The important role of valuation

Valuation, as a discipline, is a critical part of the global financial system and its stability. Valuations consist of a range of data that inform the investment decisions of governments, investors, lenders and providers of property services among others.

From a public benefit point of view, valuations help consumers determine the value of some of their biggest personal investments, such as buying a home or tax planning.

Choosing and using appropriate techniques is important, but a valuer’s relationship with the client and meeting the client’s needs is the way valuation fee income is generated. The way to manage this client contact and reduce risk is through following industry standards.

Confidence through professional standards

The profession is increasingly global, with the trend towards international standards continuing at pace, with recent standards such as:

◾International Financial Reporting Standards (IFRS)

◾International Property Measurement Standards (IPMS)

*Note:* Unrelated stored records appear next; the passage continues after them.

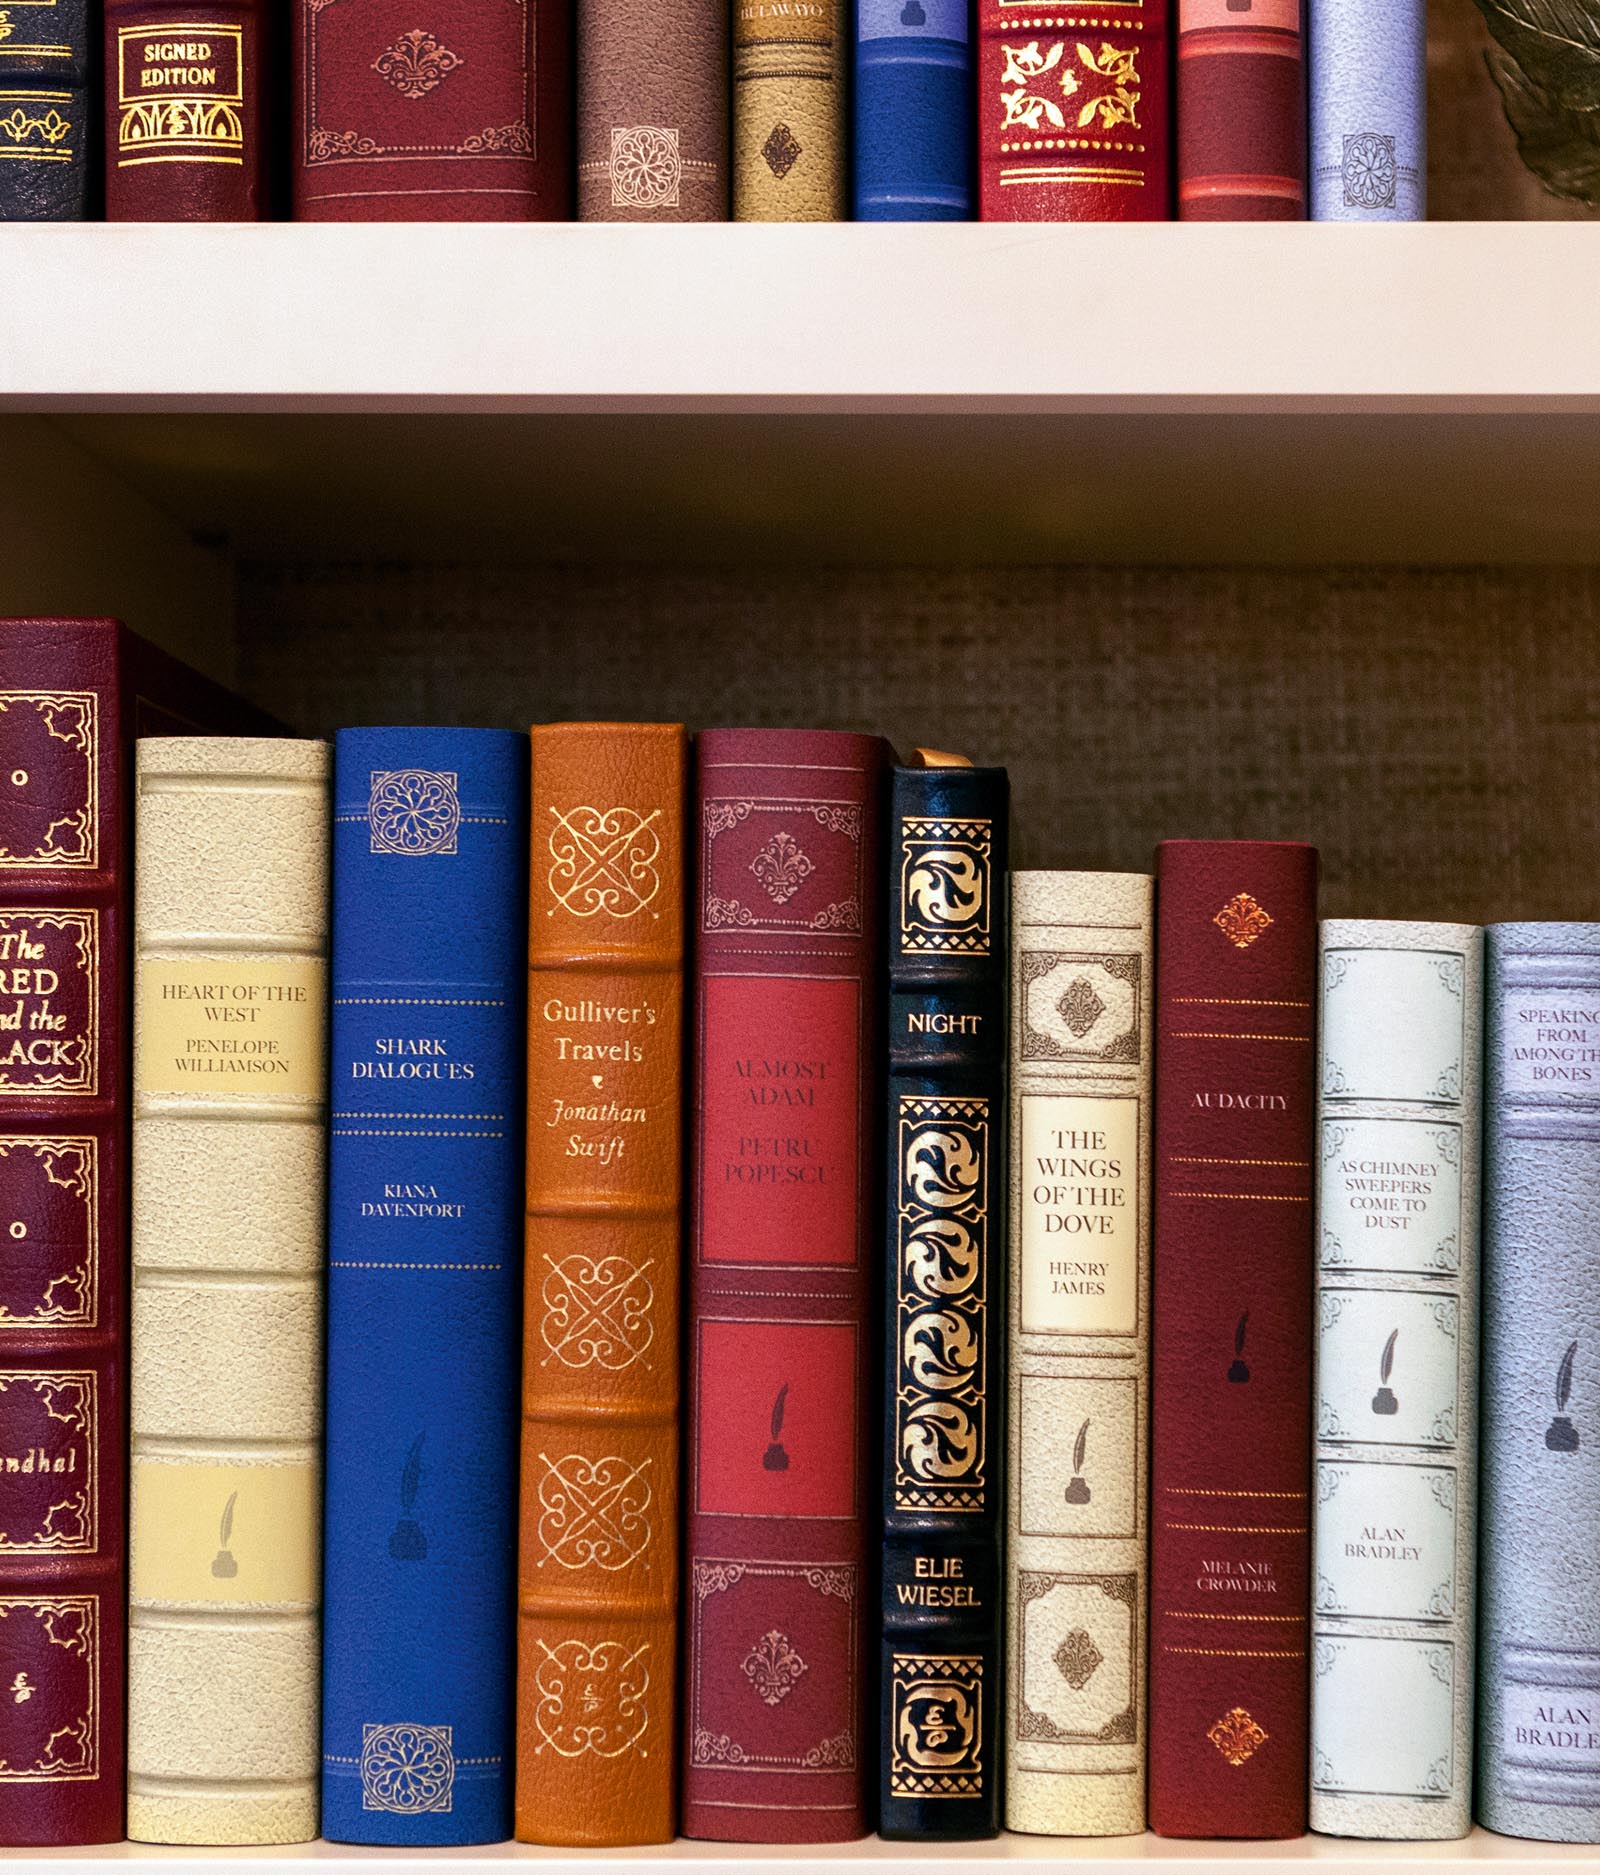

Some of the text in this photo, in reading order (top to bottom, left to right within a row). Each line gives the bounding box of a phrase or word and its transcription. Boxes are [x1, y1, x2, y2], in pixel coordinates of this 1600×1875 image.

[144, 43, 212, 63] SIGNED
[141, 67, 216, 87] EDITION
[0, 929, 46, 961] The
[162, 984, 308, 1002] HEART OF THE
[29, 999, 68, 1031] the
[204, 1007, 261, 1023] WEST
[543, 999, 656, 1024] Gulliver's
[908, 1013, 982, 1034] NIGHT
[1537, 1028, 1589, 1043] FROM
[186, 1039, 279, 1054] PENELOPE
[375, 1038, 447, 1056] SHARK
[554, 1037, 643, 1062] Travels
[1510, 1047, 1575, 1062] AMONG
[175, 1058, 290, 1074] WILLIAMSON
[352, 1062, 475, 1080] DIALOGUES
[734, 1060, 830, 1080] ALMOST
[1533, 1066, 1592, 1081] BONES
[748, 1087, 816, 1106] ADAM
[1191, 1093, 1289, 1110] AUDACITY
[546, 1099, 647, 1127] Jonathan
[740, 1137, 819, 1157] PETRU
[1051, 1130, 1107, 1150] THE
[565, 1134, 625, 1165] Swift
[725, 1163, 833, 1184] POPESCU
[1037, 1157, 1122, 1178] WINGS
[1337, 1160, 1440, 1177] AS CHIMNEY
[384, 1184, 438, 1199] KIANA
[1345, 1178, 1432, 1194] SWEEPERS
[1033, 1185, 1126, 1207] OF THE
[1350, 1196, 1427, 1212] COME TO
[361, 1202, 466, 1218] DAVENPORT
[1045, 1213, 1115, 1234] DOVE
[1365, 1215, 1411, 1229] DUST
[1049, 1261, 1110, 1276] HENRY
[1052, 1281, 1106, 1296] JAMES
[1360, 1527, 1406, 1541] ALAN
[1344, 1543, 1423, 1560] BRADLEY
[914, 1557, 964, 1579] ELIE
[1202, 1560, 1274, 1576] MELANIE
[1196, 1577, 1278, 1593] CROWDER
[896, 1584, 982, 1608] WIESEL
[1533, 1707, 1593, 1725] ALAN

◾International Ethical Standards (IES)

◾International Valuation Standards (IVS)

◾RICS Valuation Standards (the Red Book)

Employers worldwide are adopting valuation standards to project confidence to their clients and are progressing the employees that can demonstrate solid understanding of these standards.

The ability to offer a consistent, objective and transparent approach provides a professional competitive advantage and reassurance that risk has been managed appropriately.

A focus on the Red Book (RICS Valuation Standards)

The Red Book is a practical tool that reflects the world we valuers and practice in today, the level of detail is greater than many other standards and every valuer (or user of valuation reports) should understand the best practice and adhere to them.

The RICS Red Book is the framework for delivering the International Valuation Standards through a series of guidance notes and practice statements to enable valuers to manage risk for themselves and their clients. Valuation is a litigious area, being up to date can help lower professional indemnity insurance premiums and prevent accusations of negligence.

The RICS Red Book (Valuation Standards) has just been updated for 2017 and the General Practice team at GSC Grays are fully up to speed with the revisions, such that we can continue to provide the very best valuation advice to professionals, individuals and businesses across our offices.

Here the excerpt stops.